Last week, Yuga Labs announced ApeCoin, a token that the company says will be used for future gaming and entertainment applications. On its launch Thursday, a total of 1 billion ApeCoins were released through an airdrop.
Within 24-hours, it had a trading volume of over $9.2 billion, according to CoinMarketCap. The coin specifically grants holders influence and voting power over Bored Ape DAO, where the DAO will use the blockchain to enable and record votes on decisions related to how the Bored Ape community is managed, as well as Yuga Labs’ central role as it dives into the metaverse.
However, there are already various controversies trailing the new cryptocurrency, beginning with regulatory concerns as the way in which the token was debuted and released, bears a close resemblance to how a project would debut on a stock exchange.
Is this “true” decentralization or is it disguised?
While on the surface, introducing ApeCoin and its DAO, ApeCoin DAO appears to align with decentralization, a closer look at the 1 billion token distribution, reveals that it could be more concentrated in the hands of some particular individuals.
According to DAO’s official website, 15% of the token would be airdropped to the holders of Bored Apes (BAYC) and Mutant Apes NFT, with Yuga Labs, alone, also receiving the same amount of tokens available to its NFT holders.
Apart from that, founders of the NFT company would get 8% of the total haul while launch partners like VC firm Andressen Horowitz and gaming developer Animoca Brand would get 14 percent.

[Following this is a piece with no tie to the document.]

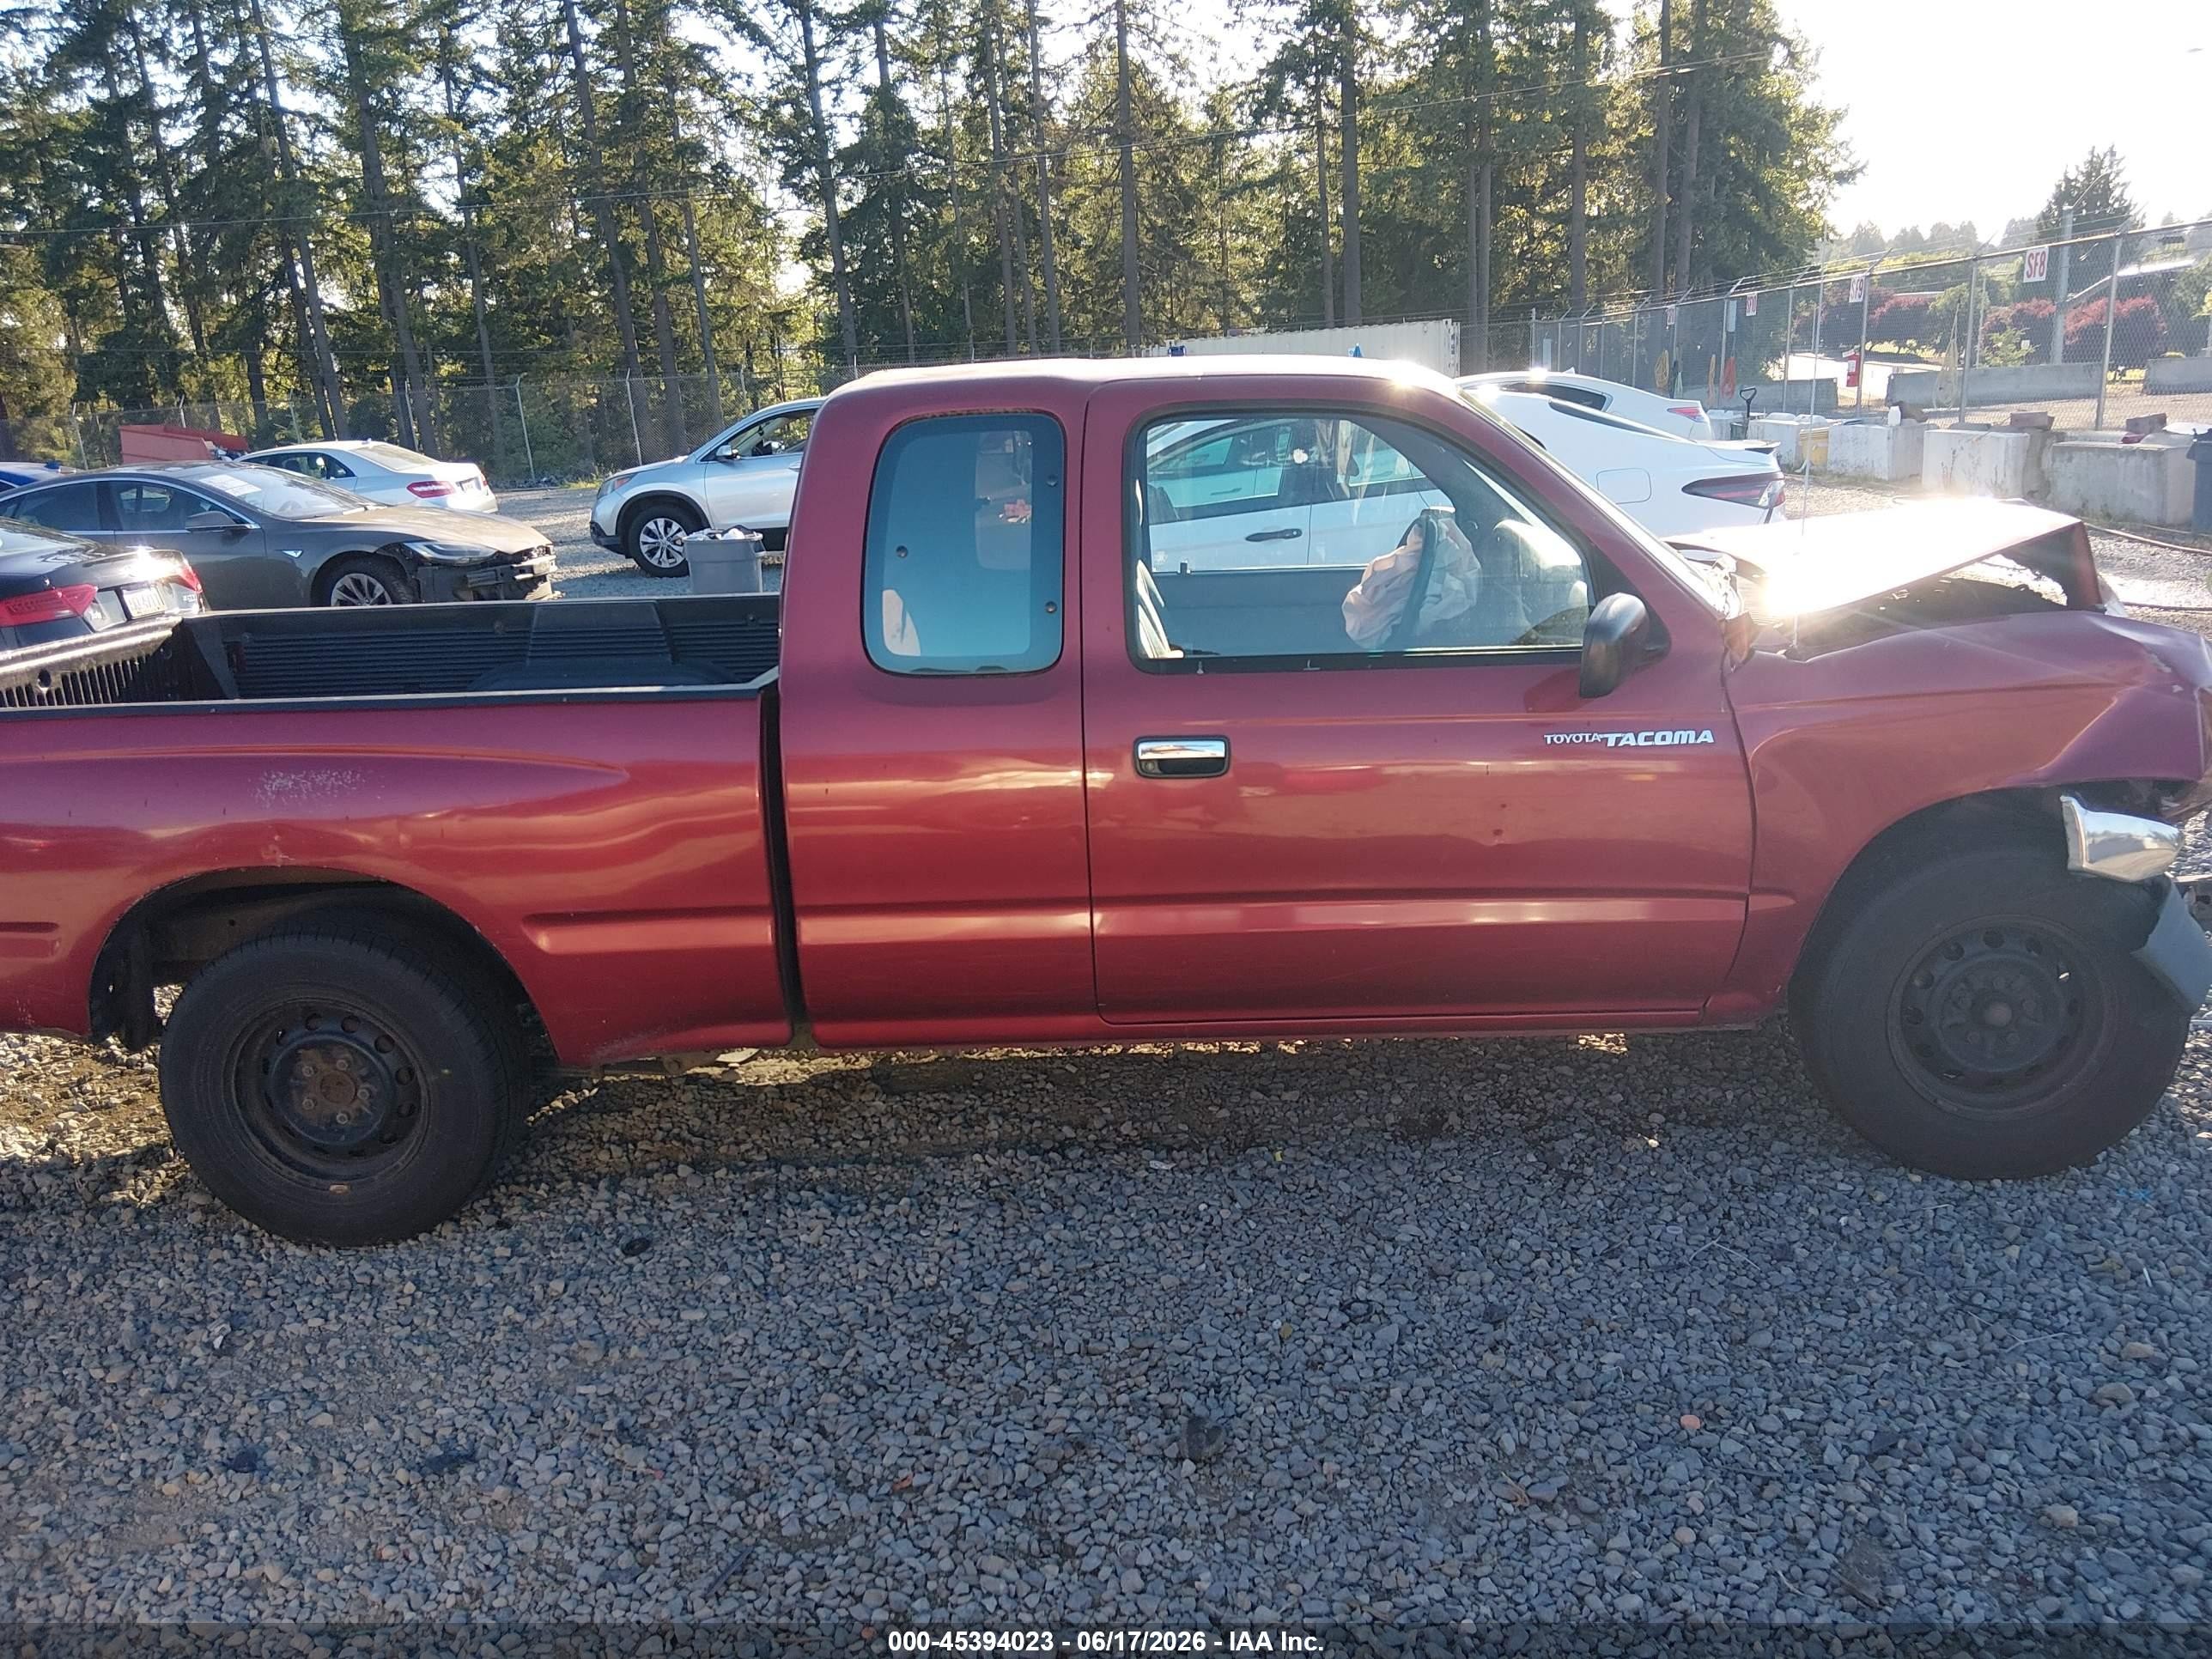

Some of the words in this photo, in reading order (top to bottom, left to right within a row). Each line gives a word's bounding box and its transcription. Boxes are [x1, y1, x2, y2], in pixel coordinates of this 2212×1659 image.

The remaining share of the coins would be divided between the Jane Goodall Legacy foundation, which would get 1%, and the DAO treasury, which would hold the remaining 47 percent.

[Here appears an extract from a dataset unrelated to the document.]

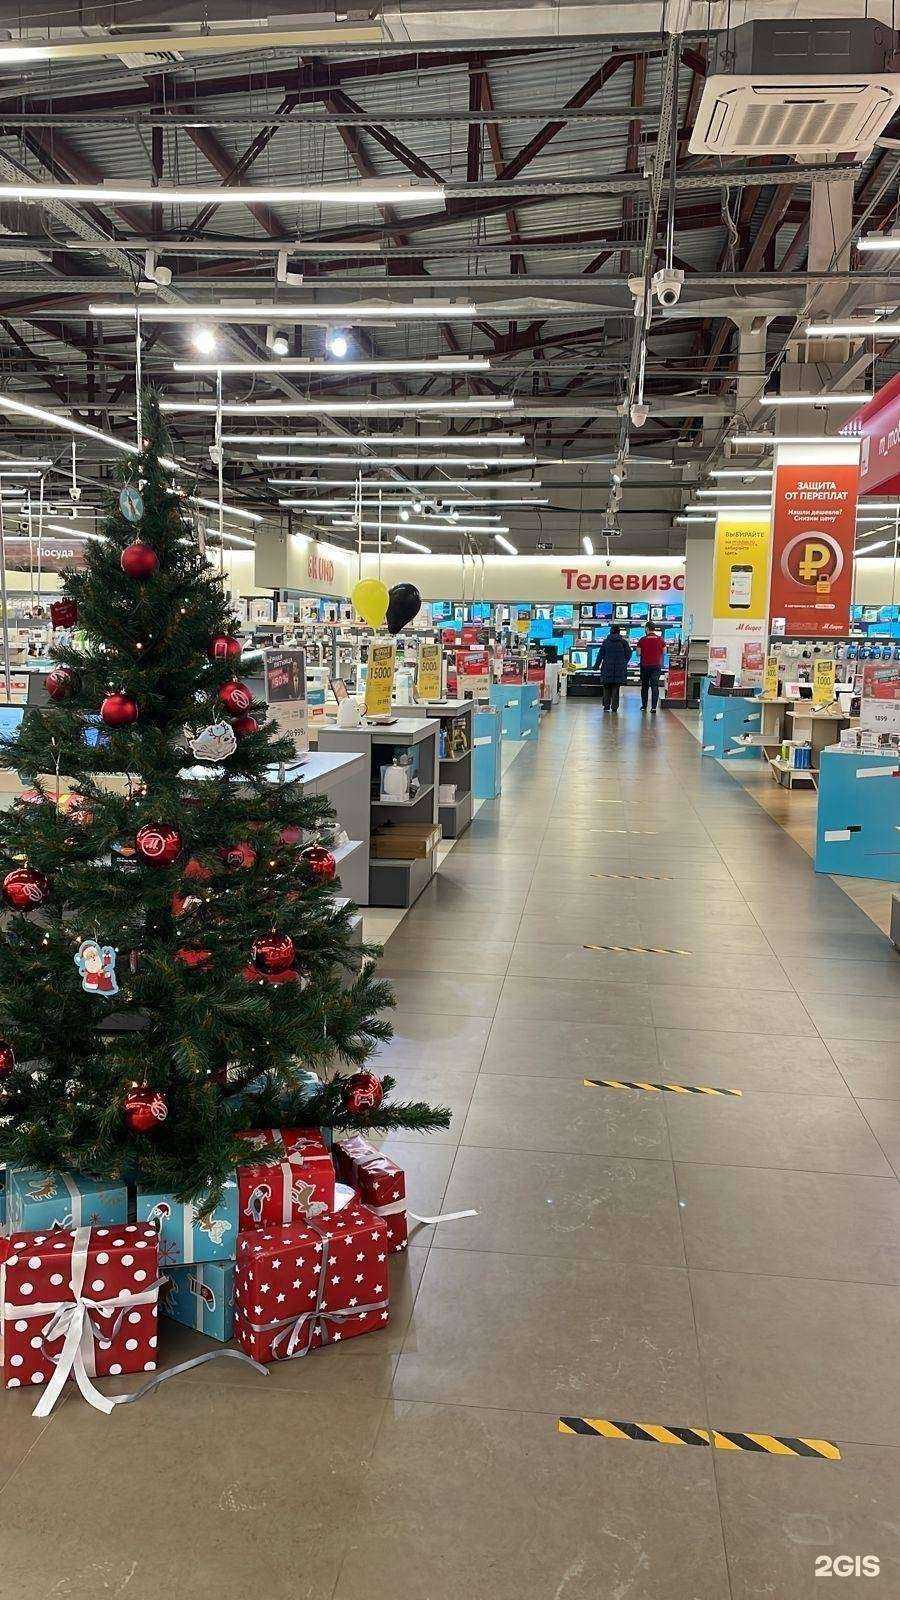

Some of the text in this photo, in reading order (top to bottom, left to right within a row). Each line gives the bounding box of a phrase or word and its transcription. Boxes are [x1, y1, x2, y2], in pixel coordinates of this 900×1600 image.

Given that the number of tokens held will determine the weight of votes on governance decisions, this leaves a lot of room for centralization.

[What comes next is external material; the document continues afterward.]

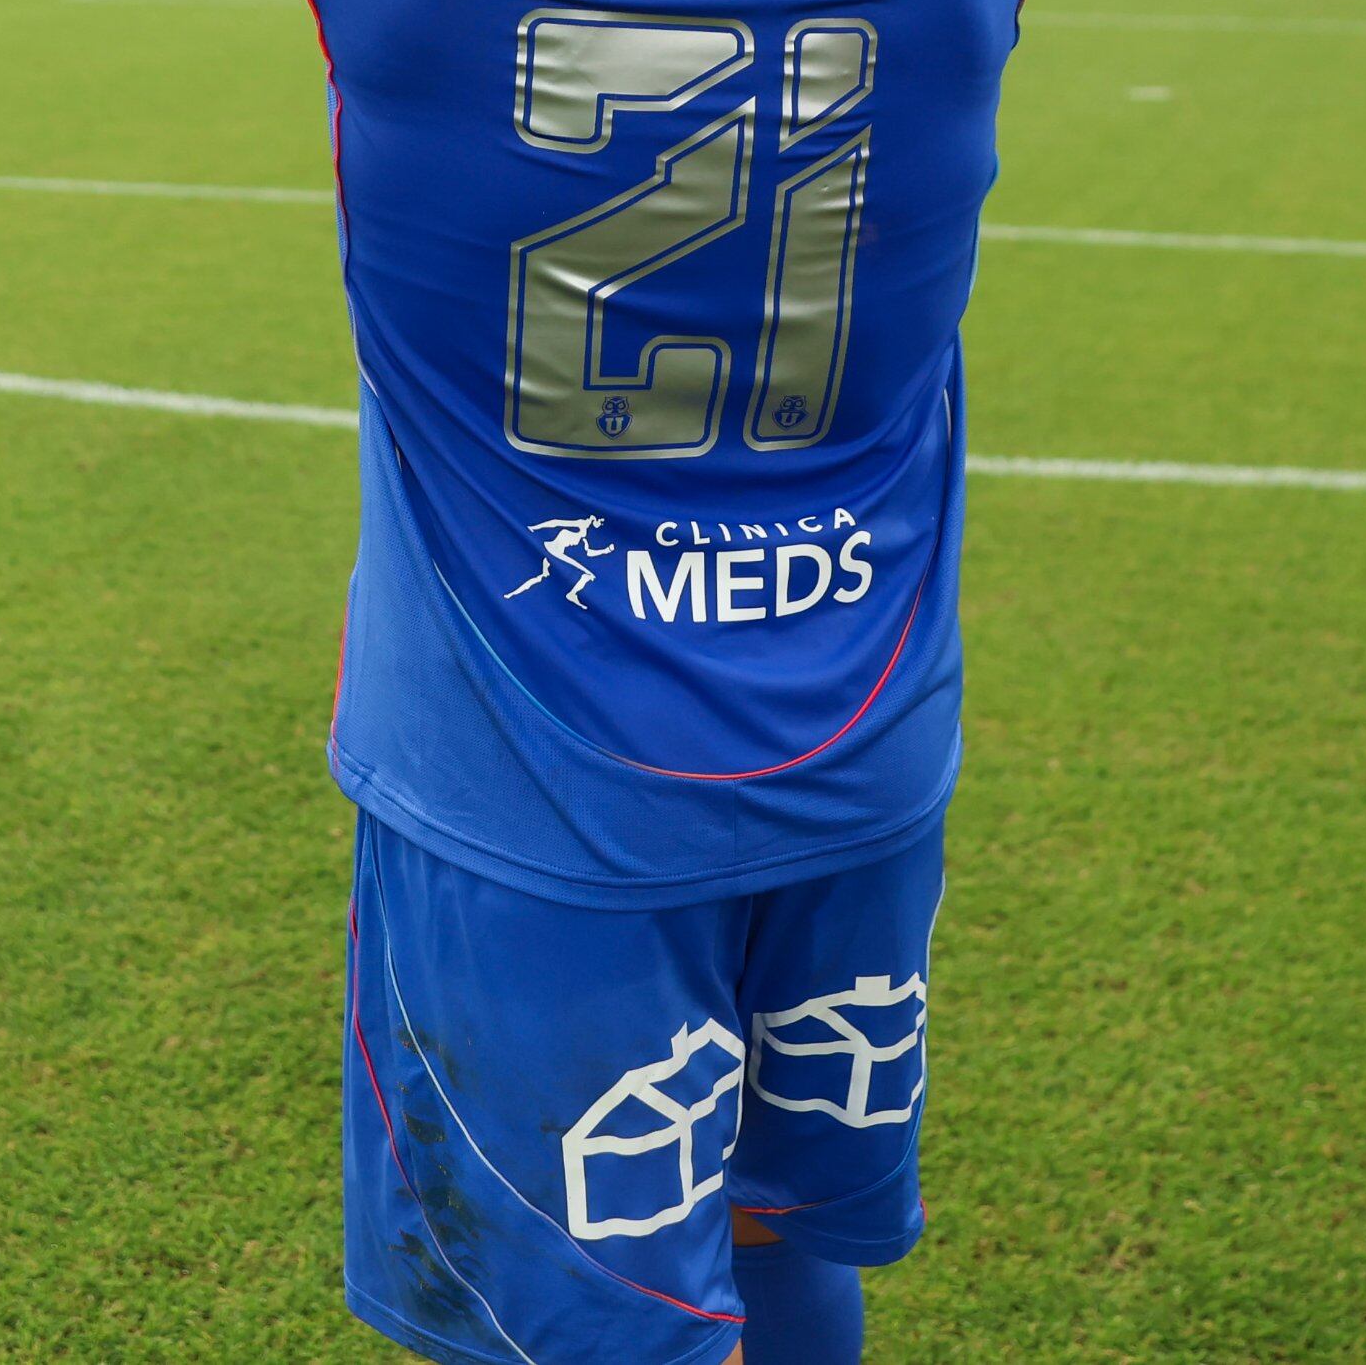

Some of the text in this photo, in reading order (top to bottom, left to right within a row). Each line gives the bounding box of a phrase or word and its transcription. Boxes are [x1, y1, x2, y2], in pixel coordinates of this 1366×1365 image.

For example, Yuga Labs and its other relations get 23% of the total distribution, which starts to murky the waters, as this would exclude Bored Apes and Mutant Apes NFT holders—if they are added, their lot share rises to 38%.
On the other hand, Andreessen Horowitz and other launch partners like Animoca Brands would also hold substantial sway in the DAO, because they ultimately hold roughly 140 million units of the coin (14%).
Will Yuga Labs and other majority holders dominate ApeCoin?
The way in which the tokenomics are currently laid out, means that the VC and its partners can substantially weigh into how the DAO operates — an activity that would lean into the criticisms of Twitter co-founder Jack Dorsey and Elon Musk about Web3 and metaverse-related projects becoming centralized projects.
Apart from that, if the Yuga Labs and the other majority holders want to cash in on their holdings, they would be making a substantial profit, leaving other unsuspecting investors with the short end of the stick. However, if they choose to hold, they would also be able to sway how the community operates extensively.
And don’t forget Yuga Labs’ recent acquisition of Meebits and CryptoPunks IP, which means that it also maintains and owns two of the most valuable NFT collection projects in its portfolio, which further expands its dominance of the NFT space.
All of this begs the question as to whether projects like these in the space are here in efforts to build a decentralized Web3 – or serve as a disguised form of centralization and are nothing but another cash-grabbing opportunity.